Imagine a scenario in which someone on the operating room (OR) team is about to make a mistake while performing a surgical procedure, and no one speaks up. This is an undesirable situation that often results from the hierarchical OR structure that has developed over the years. Under those conditions, individuals are unlikely to raise concerns for fear of disturbing or even offending the most senior member of the team. Safety experts in other areas have recognized that hierarchy trumps safety and that improvements of safety require elimination of this intimidating structure, as well as encouragement of all members of the team “to speak up.”
Creating a culture of safety
According to an article by Mark R. Chassin, MD, MPP, MPH, FACP, president and chief executive officer of The Joint Commission, and Jerod M. Loeb, PhD, titled “High-reliability health care: Getting there from here,” one of the methods that health care institutions can use to attain levels of quality and safety similar to other industries that strive to achieve zero harm includes establishing a safety culture.*
The authors write that “a culture of safety that fully supports high reliability has three central attributes: trust, report, and improve.” Furthermore, “maintaining trust also requires the organization to hold employees accountable for adhering to safety protocols and procedures.”
In the article, Dr.

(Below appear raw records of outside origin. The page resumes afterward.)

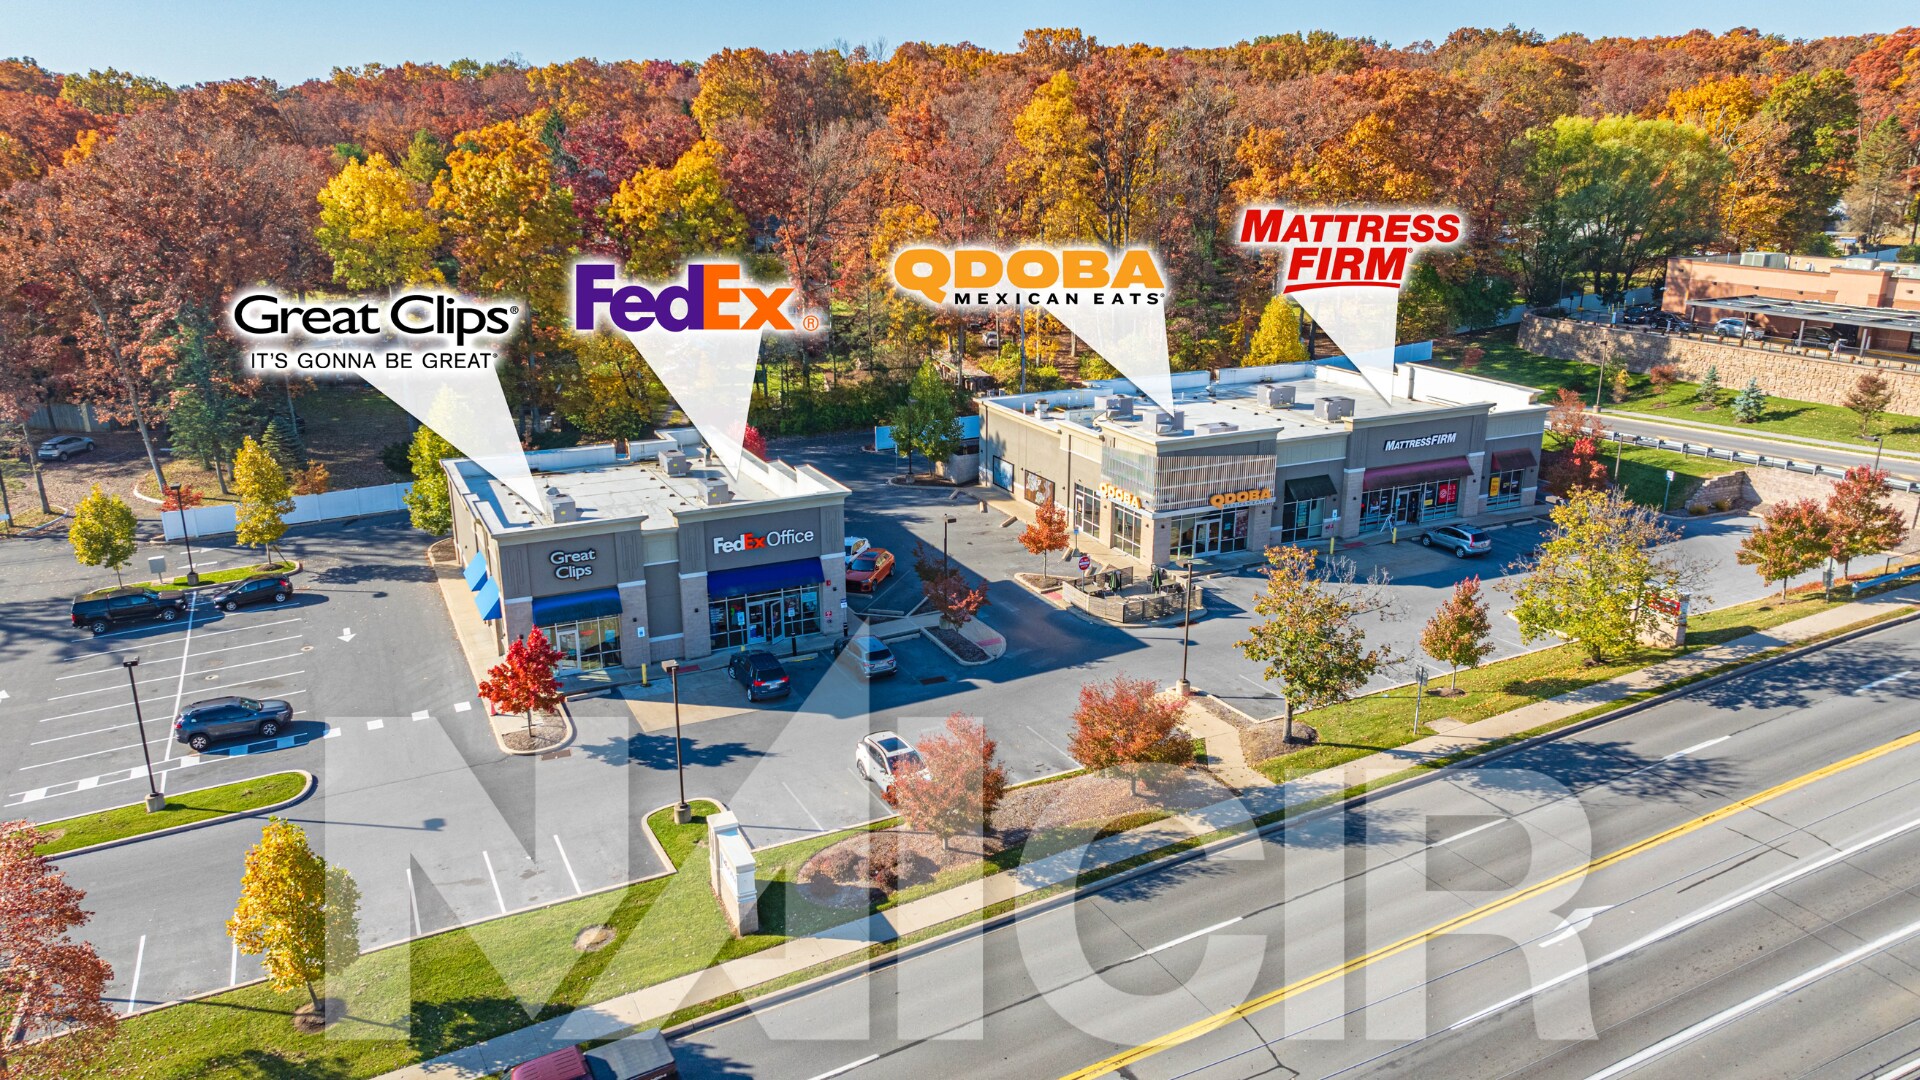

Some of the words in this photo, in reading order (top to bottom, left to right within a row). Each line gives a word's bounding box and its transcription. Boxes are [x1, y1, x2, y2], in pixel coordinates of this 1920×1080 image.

[1098, 482, 1142, 509] QDOBA
[1210, 488, 1271, 510] QDOBA
[713, 532, 766, 554] FedEx
[766, 529, 815, 547] Office
[550, 549, 596, 565] Great
[555, 565, 593, 580] Clips

Chassin and Dr. Loeb also state that accountability for adhering to safe practices should be instilled in all employees “and is spurred by implementing standards for invoking disciplinary procedures that apply to all staff, regardless of seniority or professional credentials.… Becoming much safer requires caregivers’ willingness and ability to recognize and report close calls and unsafe conditions, combined with an organizational capacity to act effectively on this report to eliminate the risks they embody.”
Flattening the hierarchy and communicating
I believe surgeons should champion these concepts in the OR. From my perspective, two elements are vital to creating a culture of safety. The first is to establish a nonthreatening environment—one that not only invites team members to question the processes being used but also does away with the traditional hierarchy that has been present in the OR for many years.
The most senior surgeon in the OR should create the right environment by elevating everyone and empowering team members to speak up, which is essential to building a team. The best way to achieve this goal is to ensure that everyone feels that the patient’s welfare is the central focus. Applying this technique will allow everyone on the team to focus on desired outcomes, rather than on the hierarchy. Each member of the team should feel that his or her impressions and thoughts count.
When I am working in the OR, I tell my assistants and the scrub nurse that I would like them to follow every step of the operation, and make sure I don’t make any mistakes. Such a statement is usually met with a little smile, as if I did not mean it. But at a time when we use multiple monitors in the OR and everyone can follow the procedure, I want all members of the team to be involved and to feel empowered to challenge me or to ask a question if they see something they do not understand. I tell them the best way to do that is to ask me any time they find me doing something they don’t follow. There are only two reasons for team members to have these questions: either they do not understand, which gives me the opportunity to teach them; or what I am doing is incorrect, in which case they can make me more alert to a potential error.
After eliminating the hierarchy, the other vital element in OR safety is adequate communication. Communication in the OR should be active, constant, focused on what is being done, and always with an emphasis on what is best for the patient—we should never be talking about unrelated matters or allowing our minds to drift. Constant communication about what we are doing keeps us focused and alert.
A culture of safety increases the chance of safely completing an operation. Surgeons should use their influence to create such an environment in their ORs. The right climate will improve the quality of surgical care, enhance the well-being of the members of the surgical team, and result in better outcomes for patients.
The thoughts and opinions expressed in this column are solely those of Dr. Pellegrini and do not necessarily represent the official views of The Joint Commission or the American College of Surgeons.
*Chassin MR, Loeb JM. High-reliability health care: Getting there from here. Milbank Quarterly. 2013;91(33):459-490. Available at: www.jointcommission.org/high-reliability_health_care_getting_there_from_here/. Accessed July 23, 2015.